When Kennette Benedict joined the board of the Ploughshares Fund in 2012, she was Executive Director and Publisher of Bulletin of the Atomic Scientists, at the apex of a distinguished professional career devoted to spotlighting the existential risks of nuclear weapons and reducing the likelihood they might ever be used.

While I had never previously spoken with Kennette, I had known of her for more than 30 years. In the early 1980s, my wife was a misfit young graduate student in the political science department at the University of Illinois in Urbana-Champaign, where Kennette was at the time herself a young assistant professor. My wife befriended Kennette, and as she later told me (over and over again), Kennette’s friendship anchored, sustained, and stabilized her in a rural midwestern outpost that was otherwise entirely alien to her.

For this reason, I had high expectations for my recent conversation with Kennette, and she did not disappoint. Staring directly into the nuclear heart of darkness, year after year, is not work for the faint of heart, but like other women who have for decades been part of the arms control and international security community, Kennette has consistently brought a steady voice to the conversation, a gracious manner and ready wit, layered upon an acute intelligence and unwavering resolve. In these years of service, Kennette has also emerged as an important source of institutional memory for the history of international arms control, and the role played by the international science community, in the decades following military use of the first atomic weapons in August 1945.

Civil Rights and Nuclear Wrongs

The child of social justice activists who spent their lives fighting racism and poverty, Kennette was born in East Harlem, where her parents had founded the East Harlem Protestant Parish, a ministry for the poor in a neighborhood more densely populated at the time than Calcutta. In 1954, her family moved to Cleveland, where her father set up with colleagues another parish on both the east and west sides of Cleveland to bring white and black communities together—again living in poor communities, helping those suffering from alcoholism and drug abuse, and trying to address the harms of racial segregation. Kennette’s family moved to Chicago when she was 12 years old.
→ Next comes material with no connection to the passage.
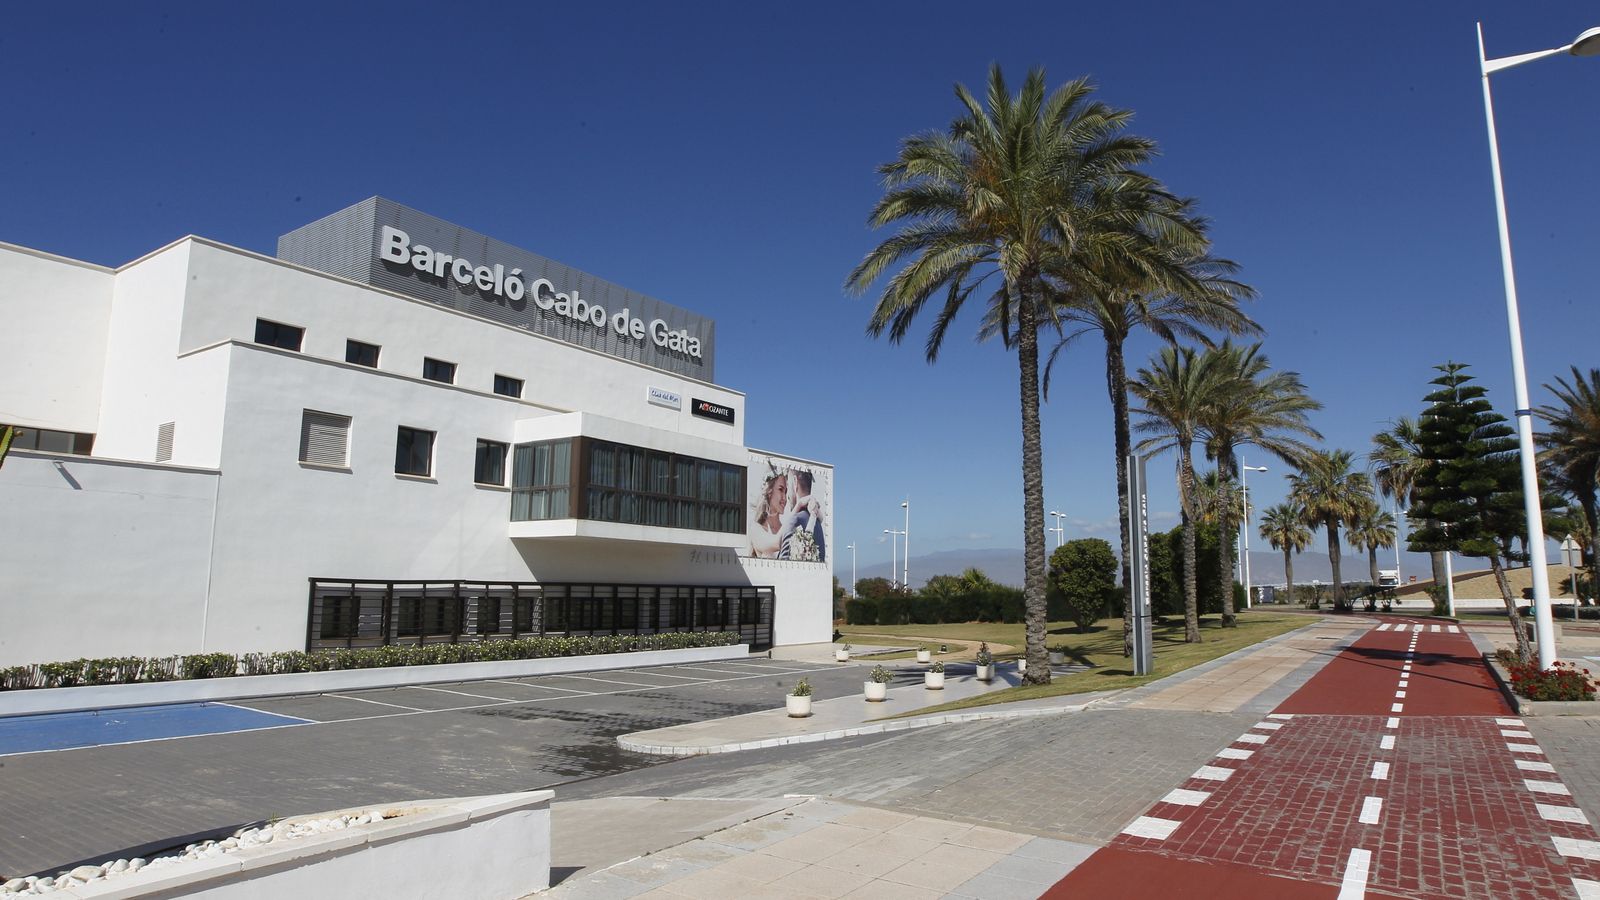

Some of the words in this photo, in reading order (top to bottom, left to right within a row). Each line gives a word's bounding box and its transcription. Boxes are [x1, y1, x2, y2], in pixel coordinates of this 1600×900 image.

Her father continued to work with black leaders, raising money from white churches to invest in Chicago’s south and west side communities. “That was all formative,” Kennette says, “and I owe them a lot for the vision and sense of mission that they imparted from my earliest days growing up.”

As Kennette reminded me, she did not have a background in international relations when she taught at the University of Illinois. She had received a B.A. in government from Oberlin College and a Ph.D. from Stanford, with dissertation supervision from famed behavioral social scientists James G. March and Heinz Eulau. At the University of Illinois, Kennette taught classes on organizational behavior and American politics (with a special emphasis on women and leadership). But in 1987, following the birth of her daughter, she took a position in Chicago with the John D. and Catherine T. MacArthur Foundation, working with Ruth Adams, who was at the time a major force in the field of nuclear disarmament and international security. “Because of the way Ruth Adams talked about many of these international security issues,” Kennette says, “I felt pretty much at home, because it was about how to develop international cooperation relations with people, right the wrongs of this nuclear buildup and arms race.”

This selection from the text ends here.